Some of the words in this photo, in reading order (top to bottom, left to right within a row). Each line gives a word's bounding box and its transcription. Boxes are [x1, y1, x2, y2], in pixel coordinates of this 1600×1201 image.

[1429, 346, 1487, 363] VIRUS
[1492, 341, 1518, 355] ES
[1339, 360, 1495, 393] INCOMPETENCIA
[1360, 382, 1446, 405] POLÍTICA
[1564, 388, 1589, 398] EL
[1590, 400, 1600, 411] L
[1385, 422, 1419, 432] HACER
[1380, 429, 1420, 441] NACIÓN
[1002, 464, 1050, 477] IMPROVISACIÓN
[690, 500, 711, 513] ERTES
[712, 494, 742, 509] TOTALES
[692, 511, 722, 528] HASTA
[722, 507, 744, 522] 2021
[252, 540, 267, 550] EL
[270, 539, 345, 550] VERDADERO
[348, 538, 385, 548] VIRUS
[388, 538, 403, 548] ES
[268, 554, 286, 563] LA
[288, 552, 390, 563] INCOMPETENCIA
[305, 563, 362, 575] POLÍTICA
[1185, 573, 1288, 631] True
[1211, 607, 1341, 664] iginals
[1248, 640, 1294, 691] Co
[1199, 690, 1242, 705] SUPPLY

ASSIGNED TASK:
Each entry above has to be transcribed exactly as it appears.

ANSWER:
Some of the words in this photo, in reading order (top to bottom, left to right within a row). Each line gives a word's bounding box and its transcription. Boxes are [x1, y1, x2, y2], in pixel coordinates of this 1600×1201 image.

[1429, 346, 1487, 363] VIRUS
[1492, 341, 1518, 355] ES
[1339, 360, 1495, 393] INCOMPETENCIA
[1360, 382, 1446, 405] POLÍTICA
[1564, 388, 1589, 398] EL
[1590, 400, 1600, 411] L
[1385, 422, 1419, 432] HACER
[1380, 429, 1420, 441] NACIÓN
[1002, 464, 1050, 477] IMPROVISACIÓN
[690, 500, 711, 513] ERTES
[712, 494, 742, 509] TOTALES
[692, 511, 722, 528] HASTA
[722, 507, 744, 522] 2021
[252, 540, 267, 550] EL
[270, 539, 345, 550] VERDADERO
[348, 538, 385, 548] VIRUS
[388, 538, 403, 548] ES
[268, 554, 286, 563] LA
[288, 552, 390, 563] INCOMPETENCIA
[305, 563, 362, 575] POLÍTICA
[1185, 573, 1288, 631] True
[1211, 607, 1341, 664] iginals
[1248, 640, 1294, 691] Co
[1199, 690, 1242, 705] SUPPLY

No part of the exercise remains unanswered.